*WHAT YOU SHOULD DO*: Go through the entries below and print each one exactly.

*MATERIAL SUPPLIED*:
--
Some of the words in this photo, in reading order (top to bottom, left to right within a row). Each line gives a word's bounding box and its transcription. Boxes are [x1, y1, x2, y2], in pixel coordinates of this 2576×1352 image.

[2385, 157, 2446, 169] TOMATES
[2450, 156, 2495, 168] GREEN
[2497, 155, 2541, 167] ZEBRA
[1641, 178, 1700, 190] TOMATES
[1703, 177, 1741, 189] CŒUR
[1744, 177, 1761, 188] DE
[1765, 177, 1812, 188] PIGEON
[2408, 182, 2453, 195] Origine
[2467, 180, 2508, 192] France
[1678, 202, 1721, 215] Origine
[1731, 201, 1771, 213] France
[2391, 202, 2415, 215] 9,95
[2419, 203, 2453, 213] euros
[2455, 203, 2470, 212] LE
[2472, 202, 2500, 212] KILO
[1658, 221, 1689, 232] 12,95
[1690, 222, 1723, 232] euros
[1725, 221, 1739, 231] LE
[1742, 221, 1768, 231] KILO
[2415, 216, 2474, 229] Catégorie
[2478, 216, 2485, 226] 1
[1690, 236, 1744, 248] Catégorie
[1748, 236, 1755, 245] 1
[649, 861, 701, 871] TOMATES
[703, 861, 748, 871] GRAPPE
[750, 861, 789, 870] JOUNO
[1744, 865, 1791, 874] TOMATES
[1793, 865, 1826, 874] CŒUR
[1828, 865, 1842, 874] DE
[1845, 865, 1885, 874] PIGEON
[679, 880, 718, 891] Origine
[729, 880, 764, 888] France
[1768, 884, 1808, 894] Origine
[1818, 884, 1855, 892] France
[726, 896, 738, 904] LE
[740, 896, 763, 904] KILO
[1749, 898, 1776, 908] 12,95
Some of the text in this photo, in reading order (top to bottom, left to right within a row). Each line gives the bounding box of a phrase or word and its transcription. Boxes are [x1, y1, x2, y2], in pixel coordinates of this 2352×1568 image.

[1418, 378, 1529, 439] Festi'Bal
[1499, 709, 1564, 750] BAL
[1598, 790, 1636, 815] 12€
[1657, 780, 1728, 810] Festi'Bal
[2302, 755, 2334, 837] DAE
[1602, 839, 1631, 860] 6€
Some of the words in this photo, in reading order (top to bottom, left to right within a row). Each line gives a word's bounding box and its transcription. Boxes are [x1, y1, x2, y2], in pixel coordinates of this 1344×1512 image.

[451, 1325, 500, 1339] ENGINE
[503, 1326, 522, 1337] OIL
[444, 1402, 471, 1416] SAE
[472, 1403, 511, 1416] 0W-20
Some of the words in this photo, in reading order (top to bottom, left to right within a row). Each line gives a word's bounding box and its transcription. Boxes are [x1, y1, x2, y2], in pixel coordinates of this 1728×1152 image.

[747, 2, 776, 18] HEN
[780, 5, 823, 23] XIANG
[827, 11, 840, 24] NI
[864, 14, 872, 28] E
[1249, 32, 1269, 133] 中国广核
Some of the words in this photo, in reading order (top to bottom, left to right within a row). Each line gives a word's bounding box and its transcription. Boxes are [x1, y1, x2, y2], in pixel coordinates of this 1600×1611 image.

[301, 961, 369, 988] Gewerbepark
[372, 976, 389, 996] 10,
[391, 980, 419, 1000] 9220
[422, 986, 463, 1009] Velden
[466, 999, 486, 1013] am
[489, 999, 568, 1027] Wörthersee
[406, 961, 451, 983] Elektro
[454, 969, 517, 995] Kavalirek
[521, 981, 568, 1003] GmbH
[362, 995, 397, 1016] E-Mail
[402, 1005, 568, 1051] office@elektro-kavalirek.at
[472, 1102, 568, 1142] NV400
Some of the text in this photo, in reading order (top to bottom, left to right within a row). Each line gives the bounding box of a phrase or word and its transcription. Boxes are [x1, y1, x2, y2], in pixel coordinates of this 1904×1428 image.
--
*OUTPUT*:
Some of the words in this photo, in reading order (top to bottom, left to right within a row). Each line gives a word's bounding box and its transcription. Boxes are [x1, y1, x2, y2], in pixel coordinates of this 2576×1352 image.

[2385, 157, 2446, 169] TOMATES
[2450, 156, 2495, 168] GREEN
[2497, 155, 2541, 167] ZEBRA
[1641, 178, 1700, 190] TOMATES
[1703, 177, 1741, 189] CŒUR
[1744, 177, 1761, 188] DE
[1765, 177, 1812, 188] PIGEON
[2408, 182, 2453, 195] Origine
[2467, 180, 2508, 192] France
[1678, 202, 1721, 215] Origine
[1731, 201, 1771, 213] France
[2391, 202, 2415, 215] 9,95
[2419, 203, 2453, 213] euros
[2455, 203, 2470, 212] LE
[2472, 202, 2500, 212] KILO
[1658, 221, 1689, 232] 12,95
[1690, 222, 1723, 232] euros
[1725, 221, 1739, 231] LE
[1742, 221, 1768, 231] KILO
[2415, 216, 2474, 229] Catégorie
[2478, 216, 2485, 226] 1
[1690, 236, 1744, 248] Catégorie
[1748, 236, 1755, 245] 1
[649, 861, 701, 871] TOMATES
[703, 861, 748, 871] GRAPPE
[750, 861, 789, 870] JOUNO
[1744, 865, 1791, 874] TOMATES
[1793, 865, 1826, 874] CŒUR
[1828, 865, 1842, 874] DE
[1845, 865, 1885, 874] PIGEON
[679, 880, 718, 891] Origine
[729, 880, 764, 888] France
[1768, 884, 1808, 894] Origine
[1818, 884, 1855, 892] France
[726, 896, 738, 904] LE
[740, 896, 763, 904] KILO
[1749, 898, 1776, 908] 12,95
Some of the text in this photo, in reading order (top to bottom, left to right within a row). Each line gives the bounding box of a phrase or word and its transcription. Boxes are [x1, y1, x2, y2], in pixel coordinates of this 2352×1568 image.

[1418, 378, 1529, 439] Festi'Bal
[1499, 709, 1564, 750] BAL
[1598, 790, 1636, 815] 12€
[1657, 780, 1728, 810] Festi'Bal
[2302, 755, 2334, 837] DAE
[1602, 839, 1631, 860] 6€
Some of the words in this photo, in reading order (top to bottom, left to right within a row). Each line gives a word's bounding box and its transcription. Boxes are [x1, y1, x2, y2], in pixel coordinates of this 1344×1512 image.

[451, 1325, 500, 1339] ENGINE
[503, 1326, 522, 1337] OIL
[444, 1402, 471, 1416] SAE
[472, 1403, 511, 1416] 0W-20
Some of the words in this photo, in reading order (top to bottom, left to right within a row). Each line gives a word's bounding box and its transcription. Boxes are [x1, y1, x2, y2], in pixel coordinates of this 1728×1152 image.

[747, 2, 776, 18] HEN
[780, 5, 823, 23] XIANG
[827, 11, 840, 24] NI
[864, 14, 872, 28] E
[1249, 32, 1269, 133] 中国广核
Some of the words in this photo, in reading order (top to bottom, left to right within a row). Each line gives a word's bounding box and its transcription. Boxes are [x1, y1, x2, y2], in pixel coordinates of this 1600×1611 image.

[301, 961, 369, 988] Gewerbepark
[372, 976, 389, 996] 10,
[391, 980, 419, 1000] 9220
[422, 986, 463, 1009] Velden
[466, 999, 486, 1013] am
[489, 999, 568, 1027] Wörthersee
[406, 961, 451, 983] Elektro
[454, 969, 517, 995] Kavalirek
[521, 981, 568, 1003] GmbH
[362, 995, 397, 1016] E-Mail
[402, 1005, 568, 1051] office@elektro-kavalirek.at
[472, 1102, 568, 1142] NV400
Some of the text in this photo, in reading order (top to bottom, left to right within a row). Each line gives the bounding box of a phrase or word and its transcription. Boxes are [x1, y1, x2, y2], in pixel coordinates of this 1904×1428 image.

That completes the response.